**Work required:** Your copy should begin at the line containing "this 1280×1707 image." and end at the last line of the records below, matching each line exactly and leaving out pictures.

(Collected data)
========================================================================
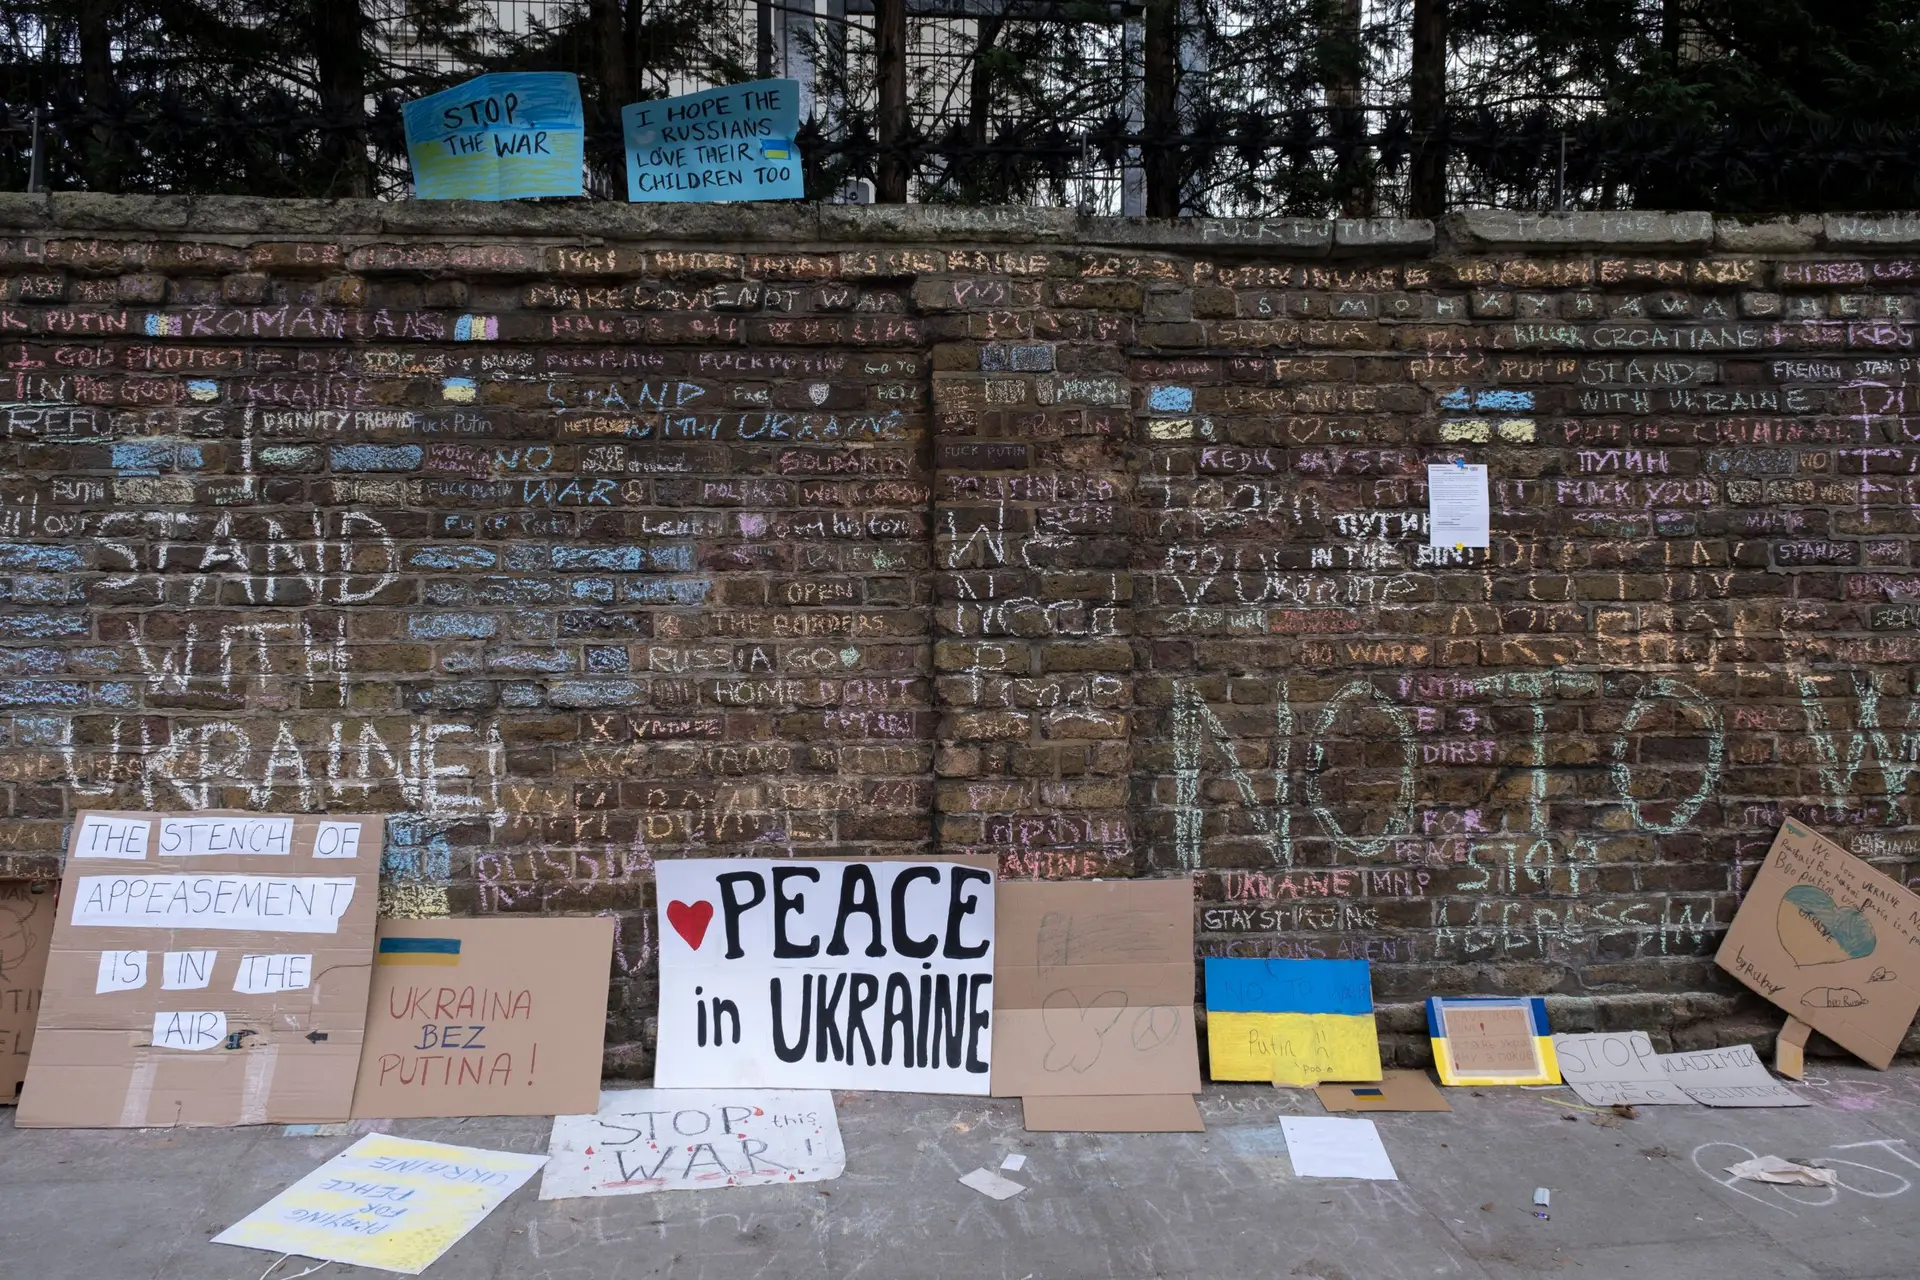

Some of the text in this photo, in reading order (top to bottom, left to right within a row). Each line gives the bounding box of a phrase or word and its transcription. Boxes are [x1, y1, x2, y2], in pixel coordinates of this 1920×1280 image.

[443, 93, 519, 129] STOP
[636, 90, 782, 128] I HOPE THE
[661, 117, 772, 143] RUSSIANS
[443, 131, 551, 164] THE WAR
[637, 141, 755, 168] LOVE THEIR
[638, 168, 791, 198] CHILDREN TOO
[1203, 220, 1397, 242] FUCK PUTIN
[530, 284, 627, 310] MAKE
[45, 310, 128, 332] PUTIN
[1592, 327, 1760, 350] CROATIANS
[54, 347, 244, 369] GOD PROTECT
[1275, 357, 1330, 380] FOR
[1773, 360, 1843, 380] FRENCH
[1579, 388, 1812, 414] WITH UKRAINE
[453, 411, 496, 434] Putin
[494, 446, 554, 473] NO
[944, 444, 1029, 464] FUCK PUTIN
[1575, 450, 1670, 475] ПУТИН
[522, 478, 619, 507] WAR
[1556, 480, 1636, 506] FUCK
[91, 508, 402, 604] STAND
[786, 581, 854, 604] OPEN
[711, 613, 763, 633] THE
[125, 615, 350, 710] WITH
[647, 645, 838, 673] RUSSIA GO
[1345, 641, 1406, 666] WAR
[60, 716, 507, 830] UKRAINE!
[88, 821, 361, 855] THE STENCH OF
[1455, 836, 1599, 897] STOP
[1811, 839, 1903, 909] We UKRAINE
[83, 878, 354, 917] APPEASEMENT
[716, 863, 992, 961] PEACE
[1203, 907, 1257, 932] STAY
[111, 952, 307, 989] IS IN THE
[389, 986, 532, 1021] UKRAINA
[1224, 978, 1369, 1005] NO TO WAR
[164, 1011, 219, 1045] AIR
[694, 961, 993, 1074] in UKRAINE
[413, 1023, 486, 1050] BEZ
[1248, 1028, 1297, 1058] Putin
[1555, 1034, 1655, 1074] STOP
[1580, 1081, 1668, 1104] THE WAR
[595, 1104, 817, 1147] STOP this
[369, 1156, 509, 1187] UKRAINE
[283, 1208, 390, 1237] PRAYING
[359, 1202, 409, 1219] FOR
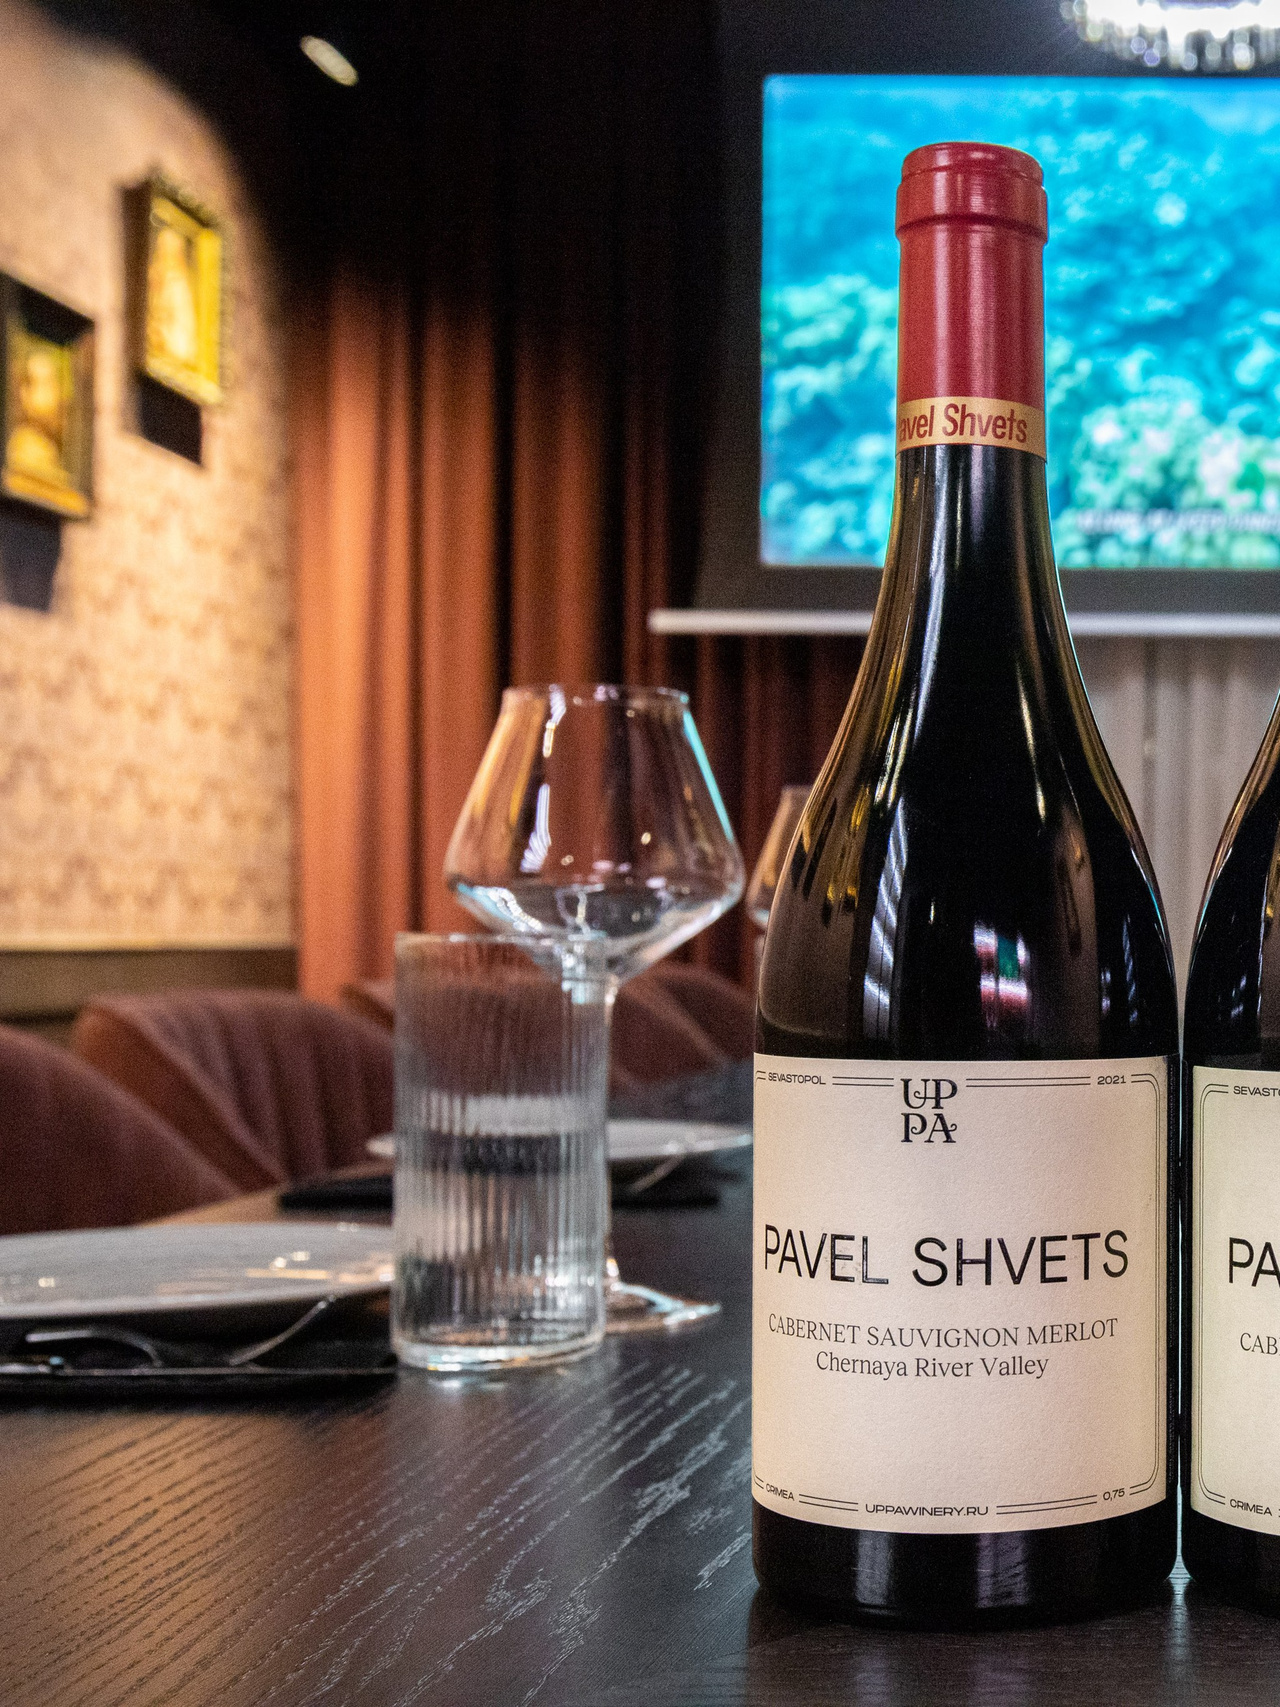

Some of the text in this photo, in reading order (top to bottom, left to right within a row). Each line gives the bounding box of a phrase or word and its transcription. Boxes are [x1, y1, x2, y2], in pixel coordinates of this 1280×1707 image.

[942, 403, 1028, 444] Shvets
[767, 1072, 826, 1086] SEVASTOPOL
[1097, 1075, 1127, 1086] 2021
[764, 1224, 1129, 1288] PAVEL SHVETS
[768, 1313, 1119, 1348] CABERNET SAUVIGNON MERLOT
[816, 1351, 1050, 1381] Chernaya River Valley
[765, 1483, 795, 1502] CRIMEA
[1102, 1487, 1126, 1502] 0,75
[865, 1503, 989, 1517] UPPAWINERY.RU
[1229, 1498, 1273, 1517] CRIMEA
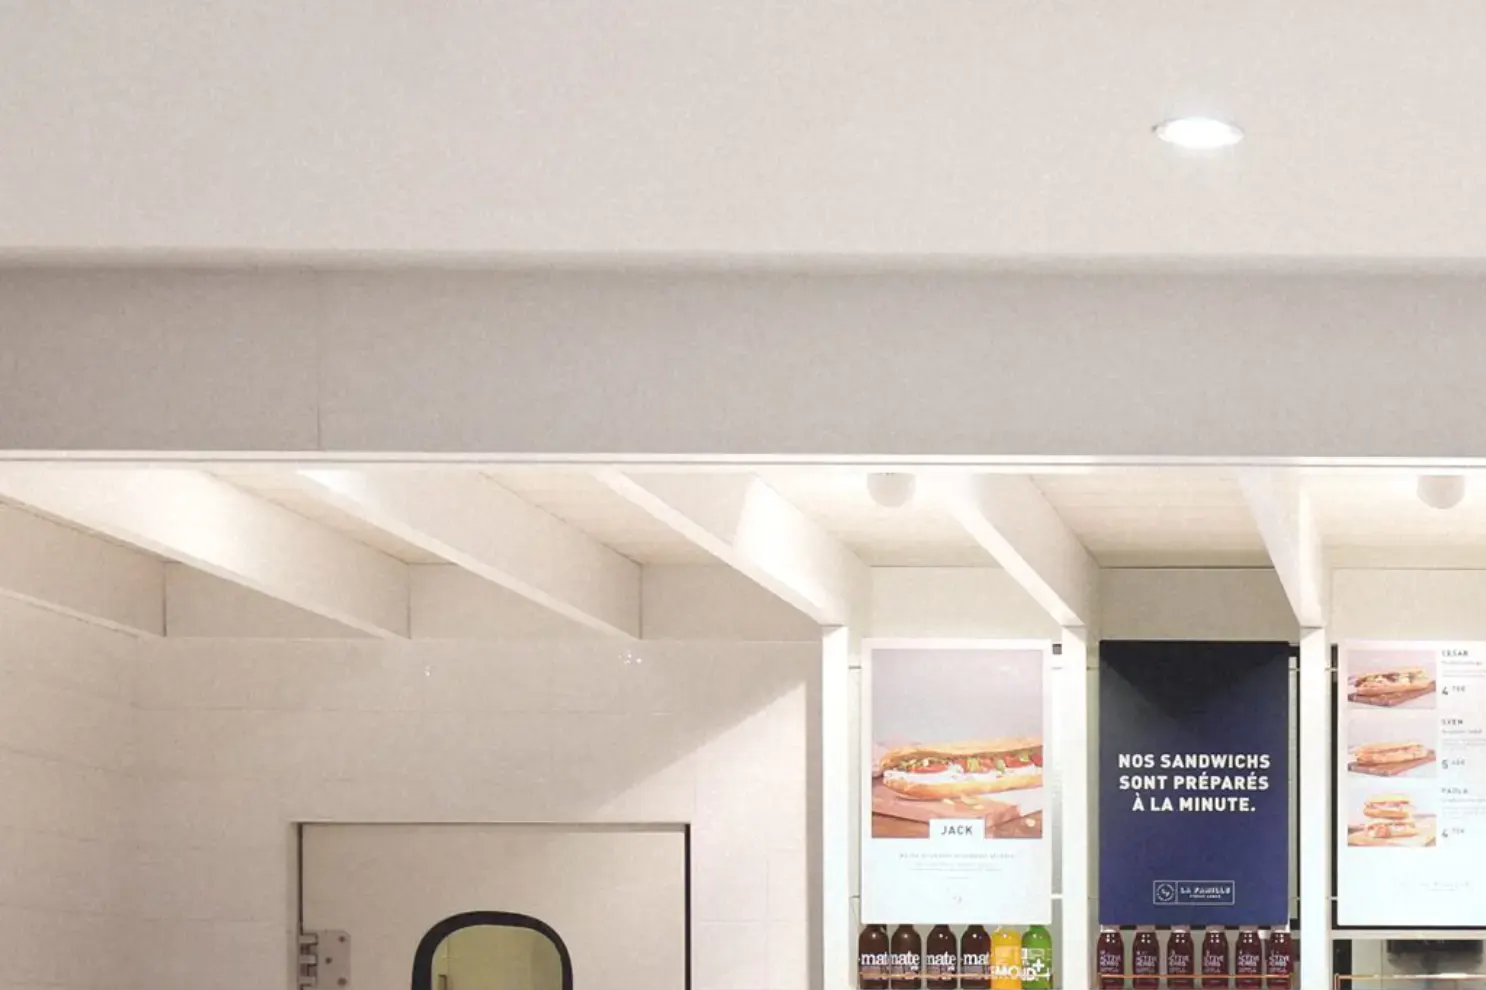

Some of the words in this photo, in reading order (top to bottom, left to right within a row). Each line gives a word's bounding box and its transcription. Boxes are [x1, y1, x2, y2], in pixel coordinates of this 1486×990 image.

[1118, 753, 1156, 769] NOS
[1160, 753, 1272, 769] SANDWICHS
[1119, 775, 1169, 790] SONT
[1173, 771, 1270, 790] PRÉPARÉS
[1132, 792, 1146, 812] À
[1150, 797, 1174, 812] LA
[1179, 797, 1257, 812] MINUTE.
[940, 825, 974, 836] JACK
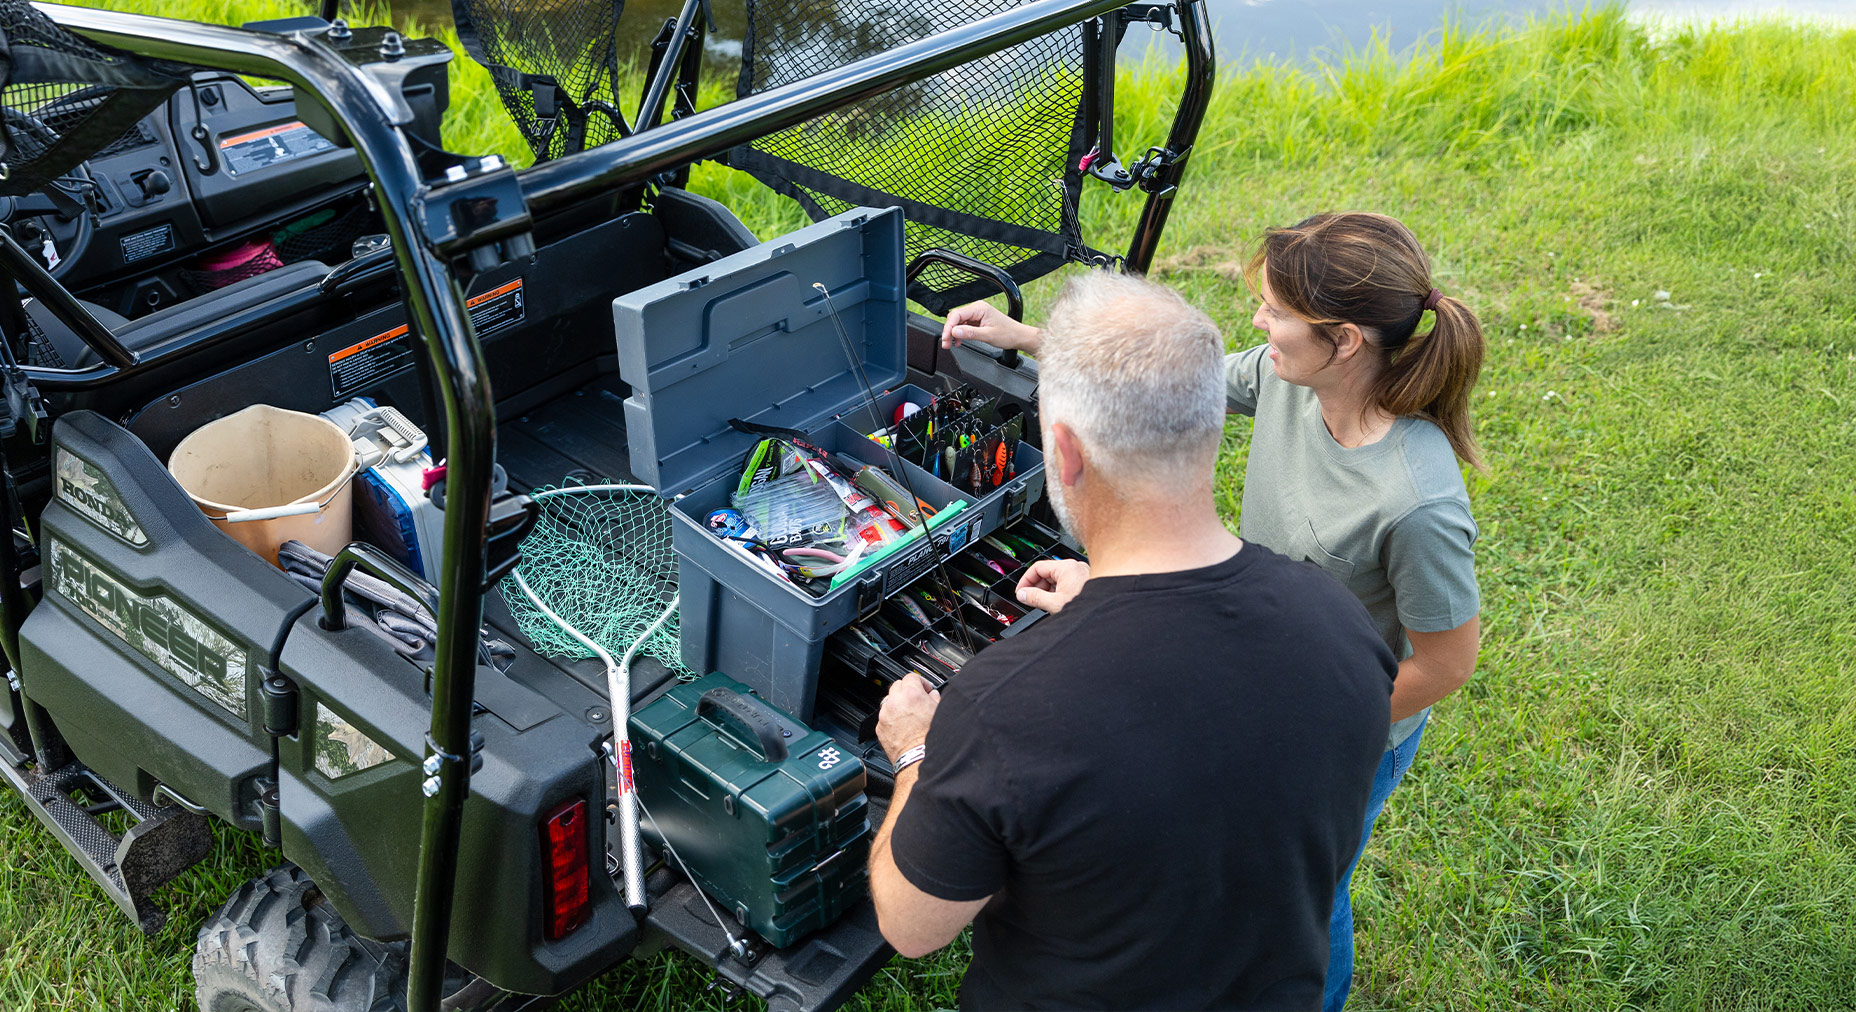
========================================================================
**Answer for the task:**
Some of the text in this photo, in reading order (top to bottom, left to right within a row). Each line gives the bounding box of a phrase or word and its transcription. Boxes are [x1, y1, x2, y2], in pixel coordinates of this 1280×1707 image.

[942, 403, 1028, 444] Shvets
[767, 1072, 826, 1086] SEVASTOPOL
[1097, 1075, 1127, 1086] 2021
[764, 1224, 1129, 1288] PAVEL SHVETS
[768, 1313, 1119, 1348] CABERNET SAUVIGNON MERLOT
[816, 1351, 1050, 1381] Chernaya River Valley
[765, 1483, 795, 1502] CRIMEA
[1102, 1487, 1126, 1502] 0,75
[865, 1503, 989, 1517] UPPAWINERY.RU
[1229, 1498, 1273, 1517] CRIMEA

Some of the words in this photo, in reading order (top to bottom, left to right within a row). Each line gives a word's bounding box and its transcription. Boxes are [x1, y1, x2, y2], in pixel coordinates of this 1486×990 image.

[1118, 753, 1156, 769] NOS
[1160, 753, 1272, 769] SANDWICHS
[1119, 775, 1169, 790] SONT
[1173, 771, 1270, 790] PRÉPARÉS
[1132, 792, 1146, 812] À
[1150, 797, 1174, 812] LA
[1179, 797, 1257, 812] MINUTE.
[940, 825, 974, 836] JACK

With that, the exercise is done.